Colin McCahon’s works have in recent years achieved acceptance and acclaim in the New Zealand and Australian art markets. They are high status commodities. Yet their religious content is seldom discussed, either critically, or I imagine, around the diner tables of their owners…. There is a nagging suspicion that McCahon has somehow let us down by his being a great painter, yet insisting on “bringing religion into it.”

The publication of a full-length book devoted specifically to the religious dimension of Colin McCahon’s art is therefore a most welcome development. Zoe Alderton is to be commended for her diligent research and encyclopedic documentation of this foundational theme in McCahon’s life and work. The book is based on her PhD thesis at the University of Sydney (2013). Its academic origin is both a strength and a weakness. It is exhaustively documented, but the documentation threatens at times to overwhelm the telling of the story and the clarity of its themes. It is a pity that there are no pictures and no index.

Alderton quotes my assessment that “McCahon’s greatest contribution was to contextualise a Judaeo-Christian vision in New Zealand art” (45). As Marja Bloem says in Colin McCahon: A Question of Faith, the book of the comprehensive exhibition of McCahon’s paintings that showed in the Auckland Art Gallery in 2003, “landscape and religion… are constant factors in his life and work” (16). This exhibition was the first to give international recognition to the leading New Zealand artist for grappling with the religious and existential questions of our secular age. In this McCahon is without parallel in the second half of the twentieth century. He invites comparison with the French Catholic painter Georges Rouault (1871-1958), during the dehumanising events of the first half of that century.
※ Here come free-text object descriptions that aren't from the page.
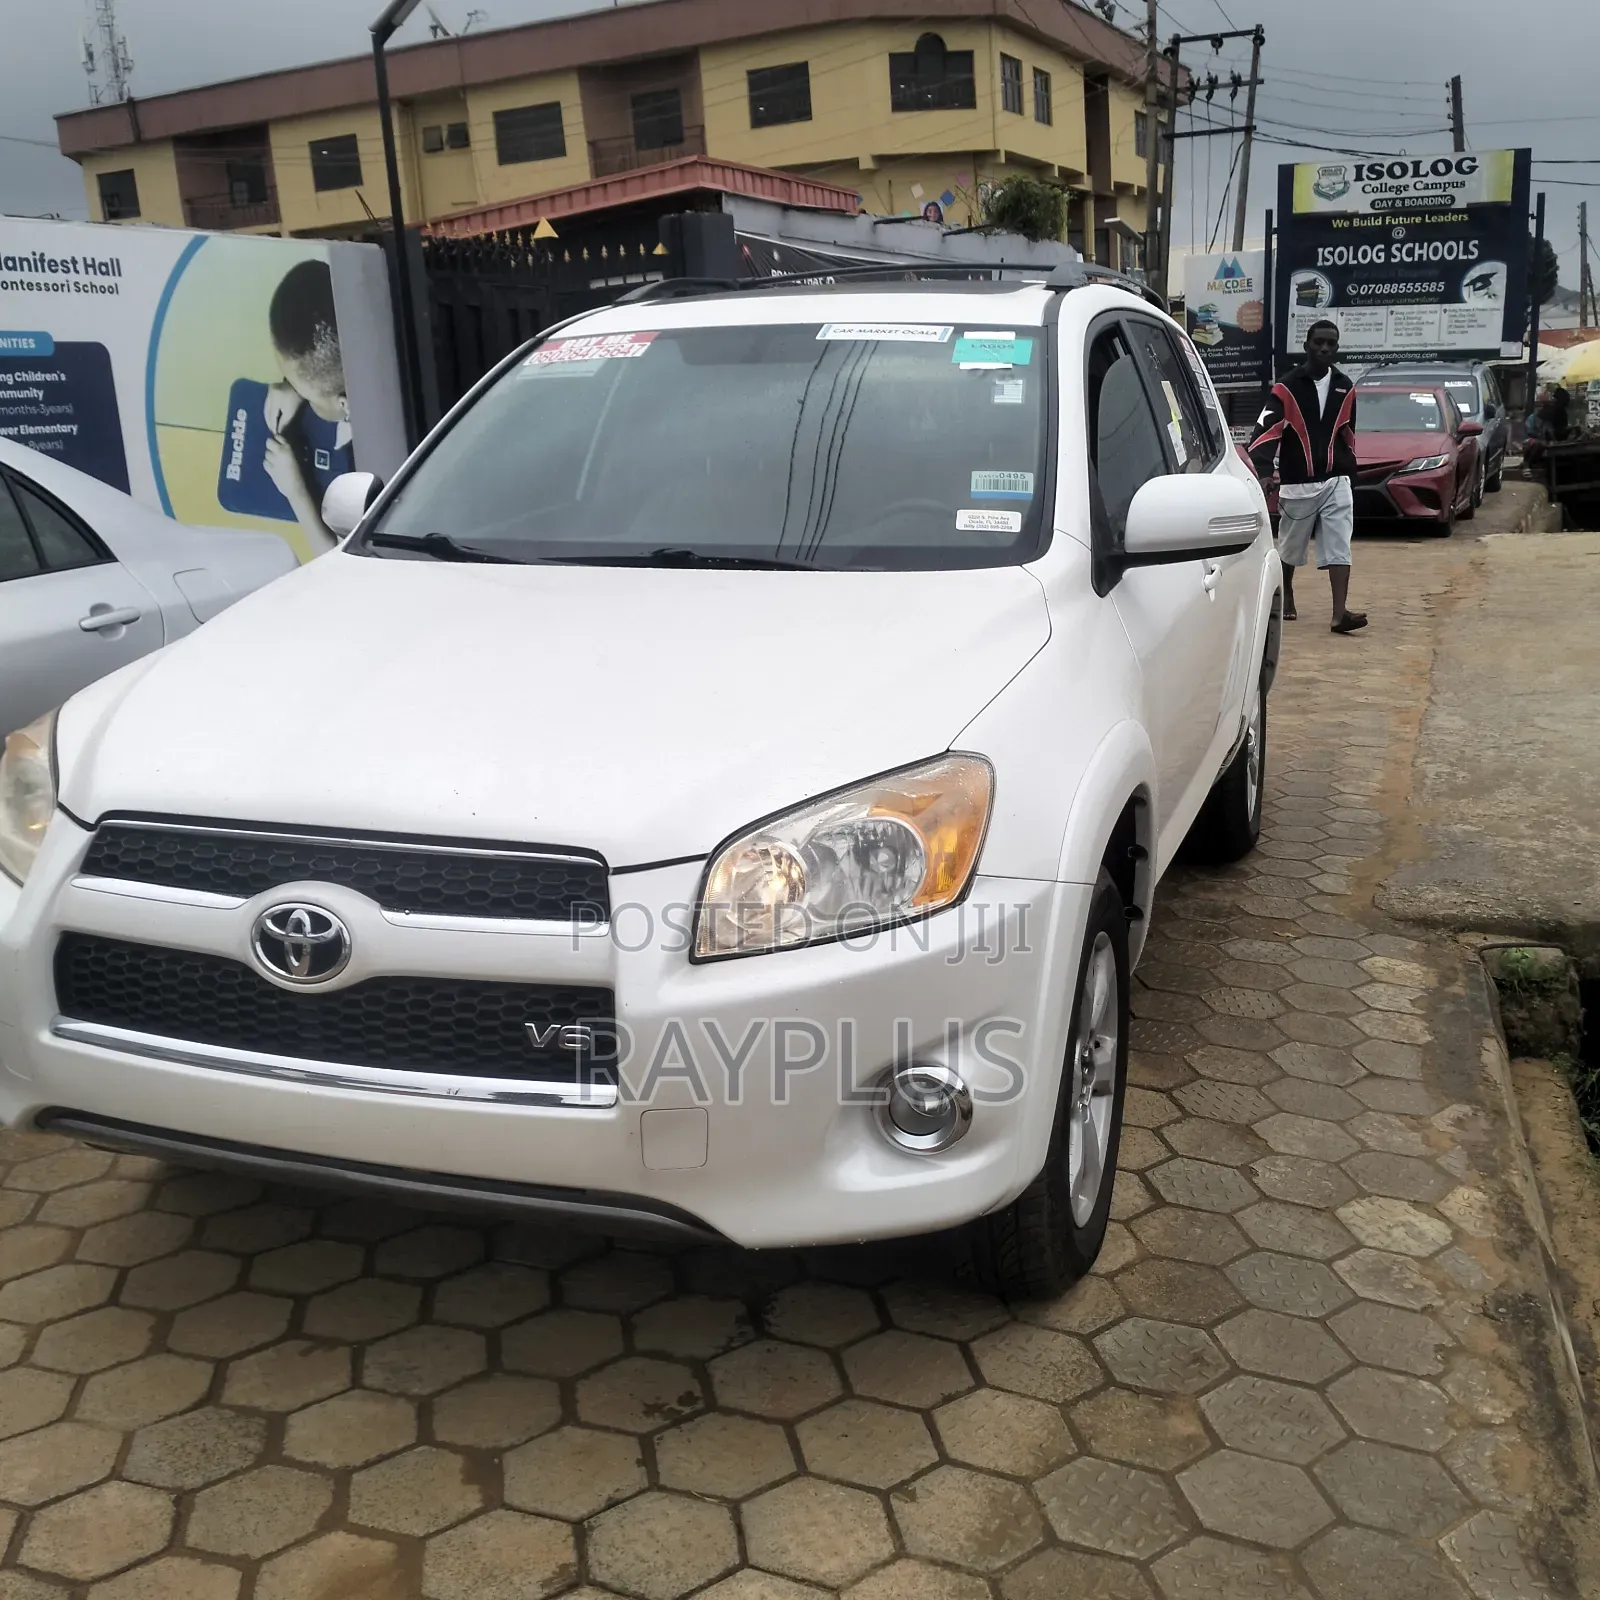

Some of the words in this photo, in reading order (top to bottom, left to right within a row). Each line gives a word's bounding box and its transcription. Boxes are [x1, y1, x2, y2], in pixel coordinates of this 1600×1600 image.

[1353, 157, 1480, 182] ISOLOG
[1362, 182, 1410, 196] College
[1413, 179, 1466, 194] Campus
[1374, 200, 1393, 209] DAY
[1395, 200, 1403, 208] &
[1404, 197, 1452, 207] BOARDING
[1332, 219, 1350, 228] We
[1353, 216, 1382, 227] Build
[1385, 215, 1422, 225] Future
[1425, 213, 1469, 223] Leaders
[1391, 226, 1406, 239] @
[1316, 245, 1386, 266] ISOLOG
[1390, 240, 1480, 263] SCHOOLS
[82, 256, 122, 277] Hall
[0, 278, 71, 293] ontessori
[73, 281, 119, 295] School
[1207, 278, 1253, 291] MACDEE
[1360, 282, 1445, 294] 07088555585
[602, 333, 636, 346] ME
[14, 370, 67, 382] Children's
[19, 423, 78, 436] Elementary
[226, 408, 247, 481] Buckle
[523, 1021, 592, 1051] V6
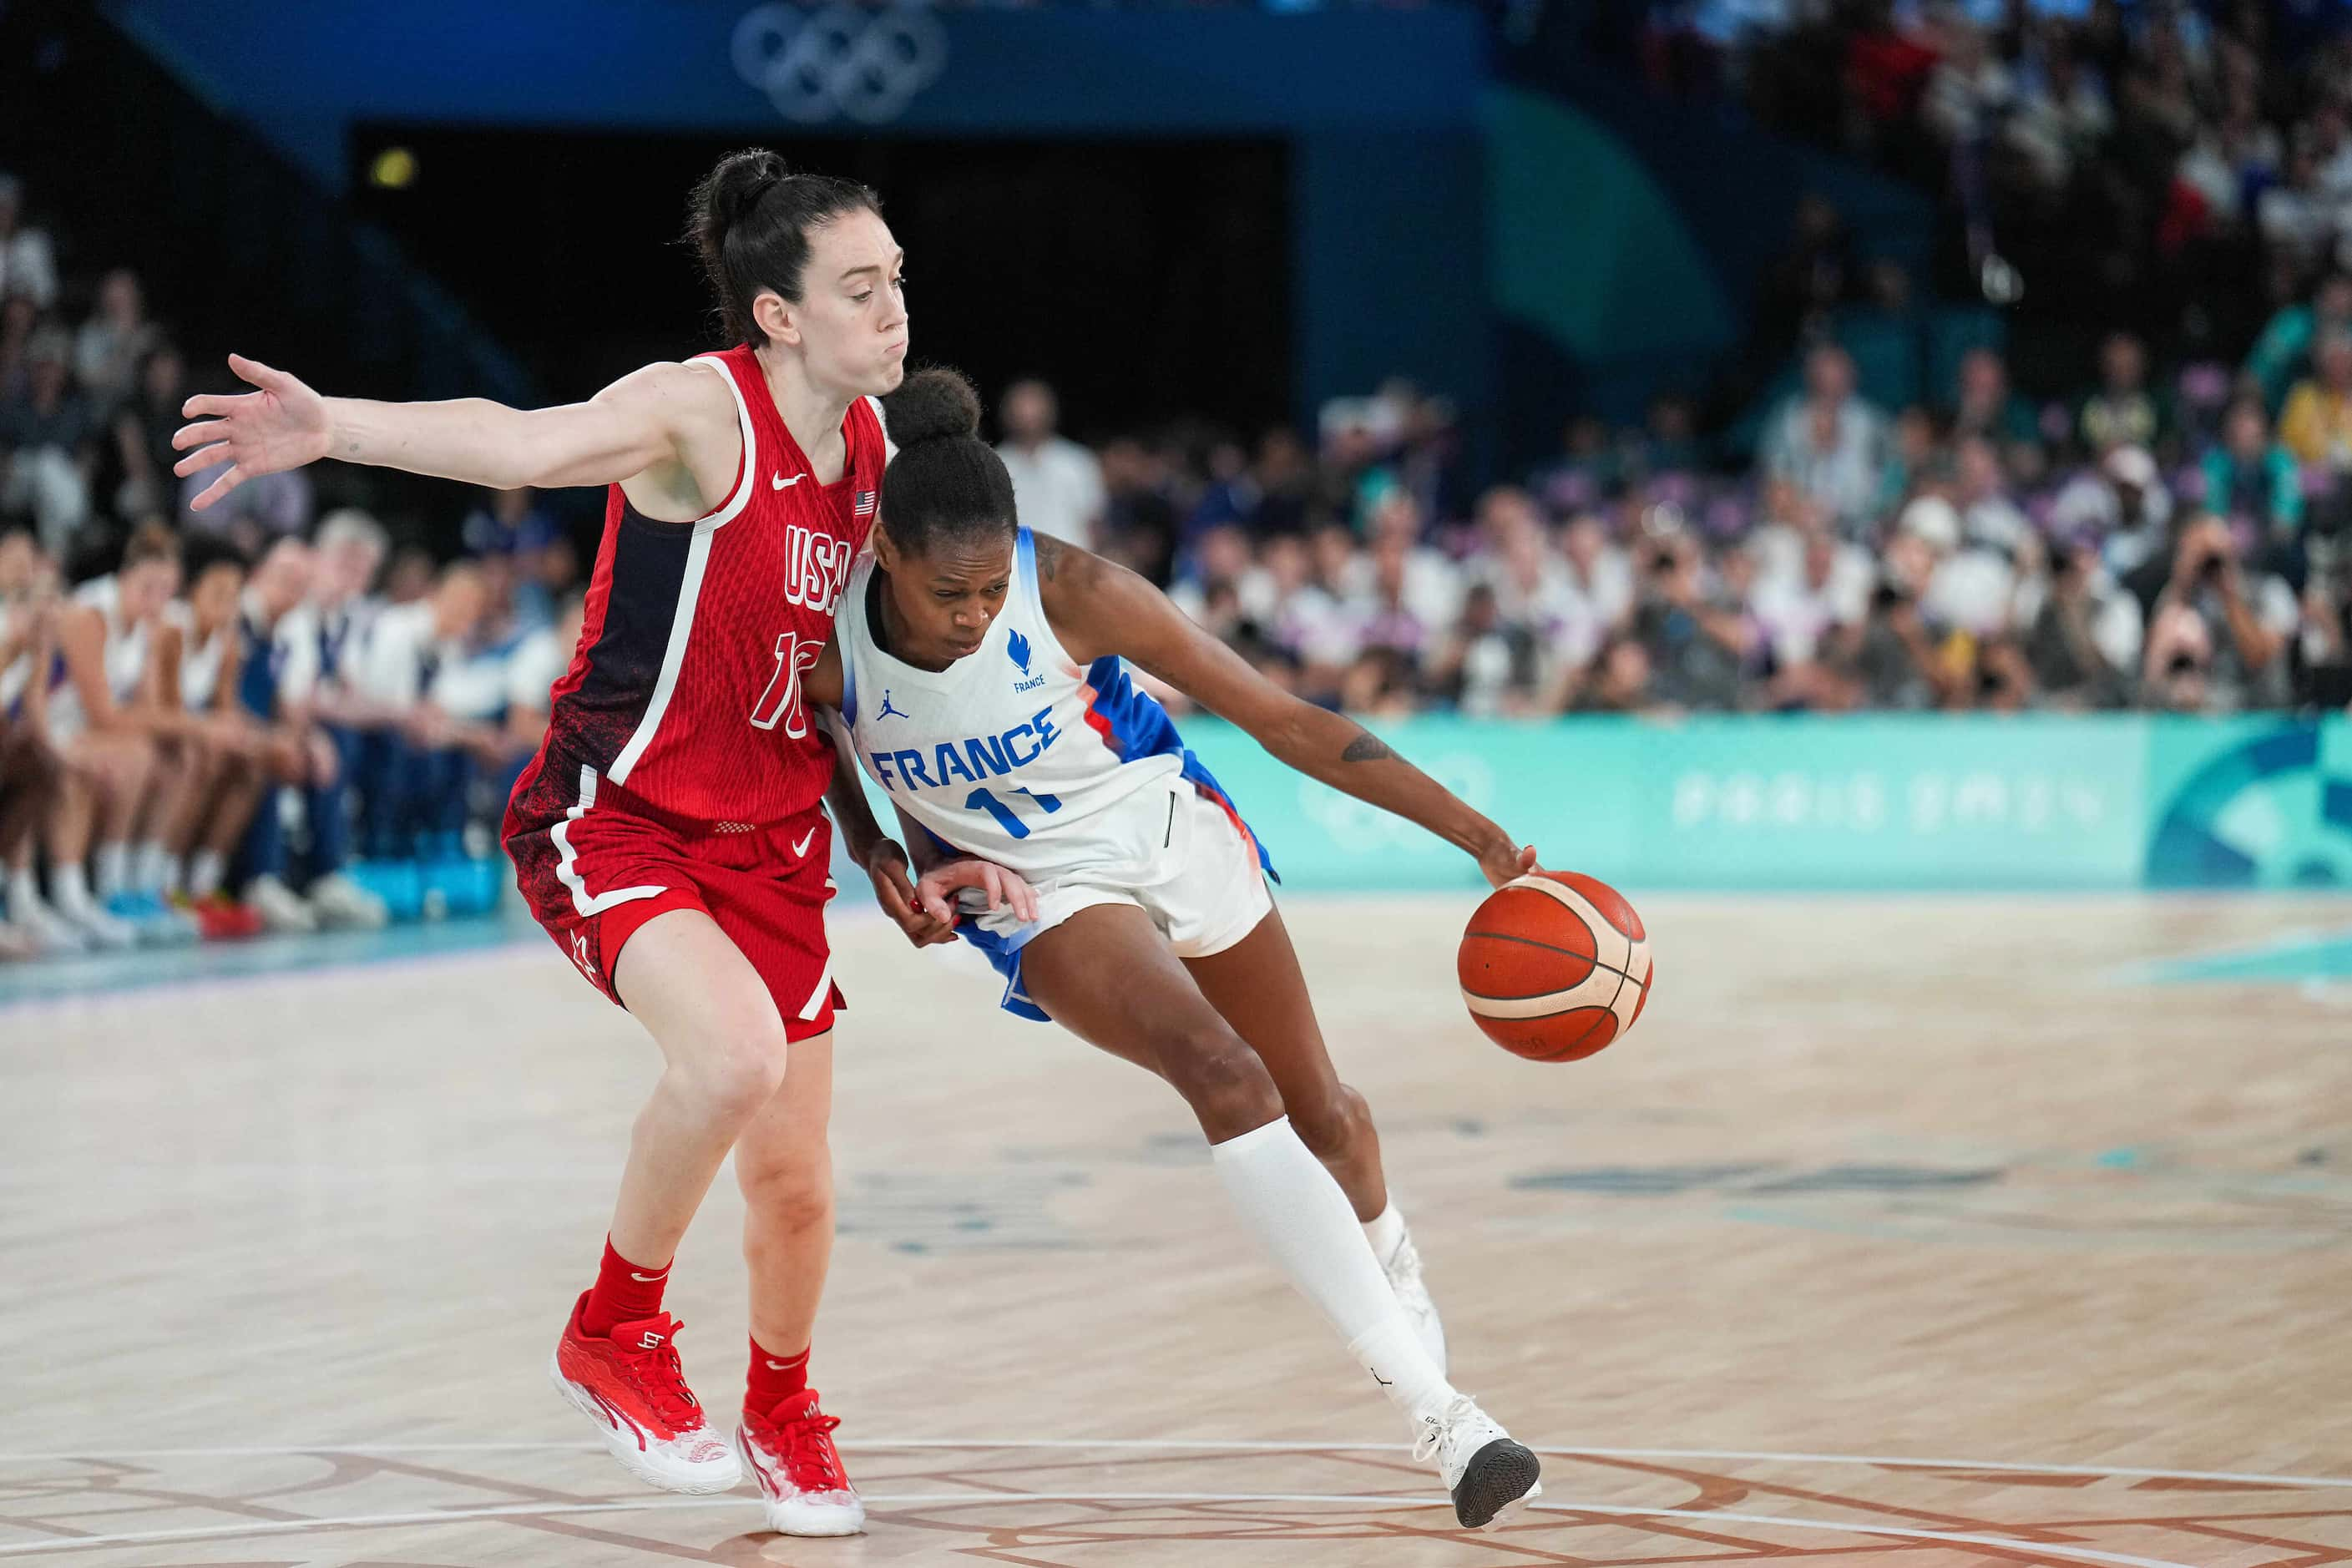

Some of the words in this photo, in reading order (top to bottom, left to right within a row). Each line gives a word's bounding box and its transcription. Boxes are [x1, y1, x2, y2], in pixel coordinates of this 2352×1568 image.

[785, 524, 851, 616] USA
[1014, 674, 1045, 694] FRANCE
[870, 706, 1062, 792] FRANCE
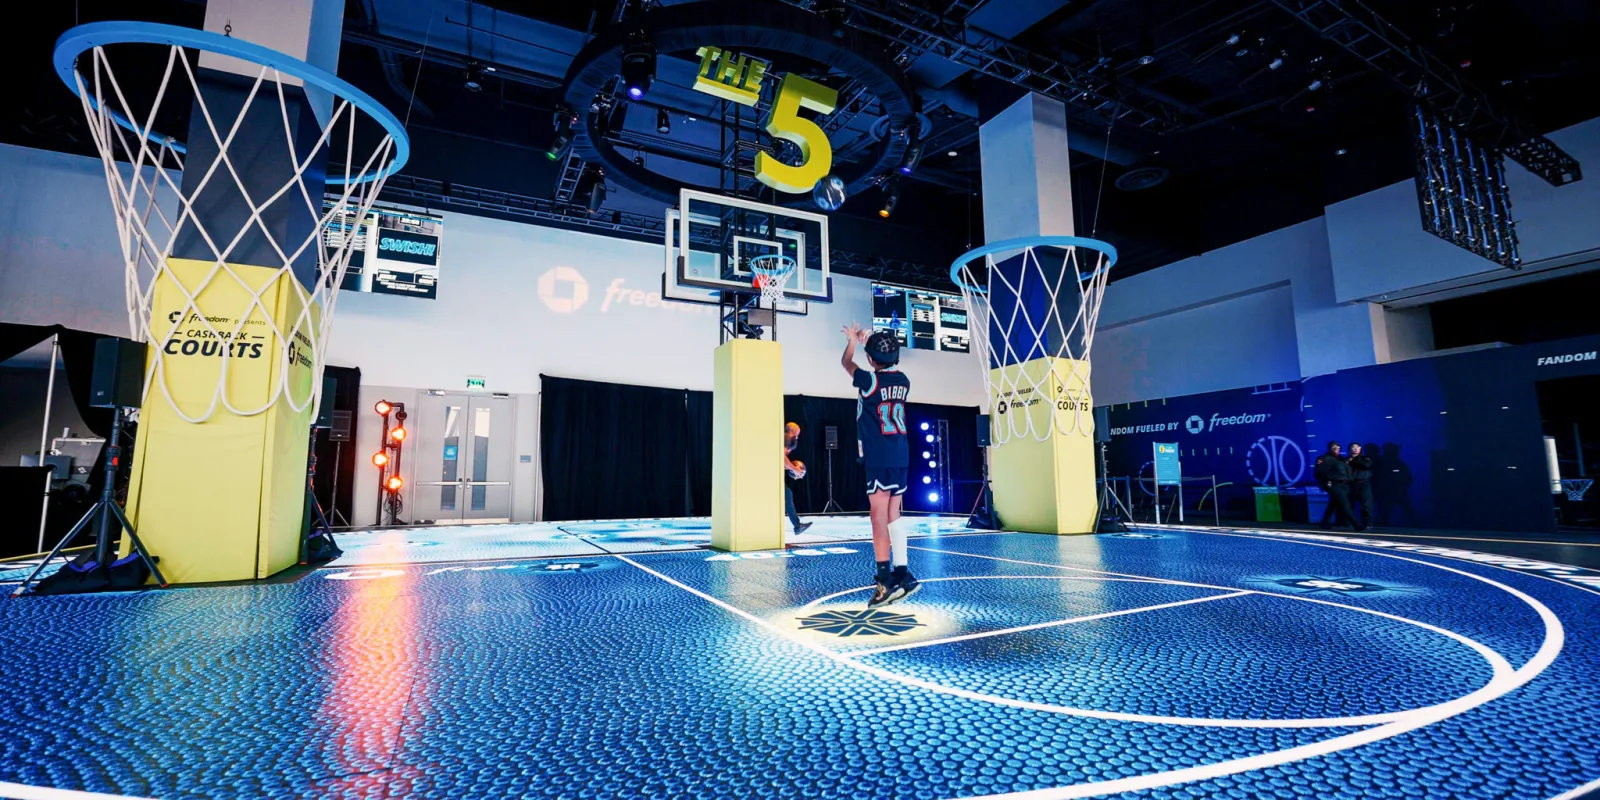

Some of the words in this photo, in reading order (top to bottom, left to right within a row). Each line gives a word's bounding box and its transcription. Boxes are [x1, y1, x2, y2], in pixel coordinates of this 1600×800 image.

[695, 45, 767, 94] THE
[754, 72, 838, 194] 5
[379, 237, 436, 256] SWISH!
[1537, 351, 1597, 366] FANDOM
[880, 385, 907, 401] BIBBY
[878, 402, 907, 435] 10
[1208, 413, 1267, 432] freedom
[1110, 426, 1134, 436] NDOM
[1135, 423, 1166, 433] FUELED
[1167, 422, 1179, 431] BY
Alderton’s work focuses on the discrepancy between McCahon’s direct and sometimes aggressive religious intentions and the reception that he received. “McCahon’s religious content is a major factor in his disappointing reception,” she says. “Ranging from suggestions that Christianity is an affront to the secular gallery space to the belief that his artworks have transcended commercial value, McCahon’s imagery has sparked a plethora of divergent anxieties in relation to its religious motifs and messages…. He was distressed by a lack of understanding of his vision, which he perceived to be a failure of his art” (1).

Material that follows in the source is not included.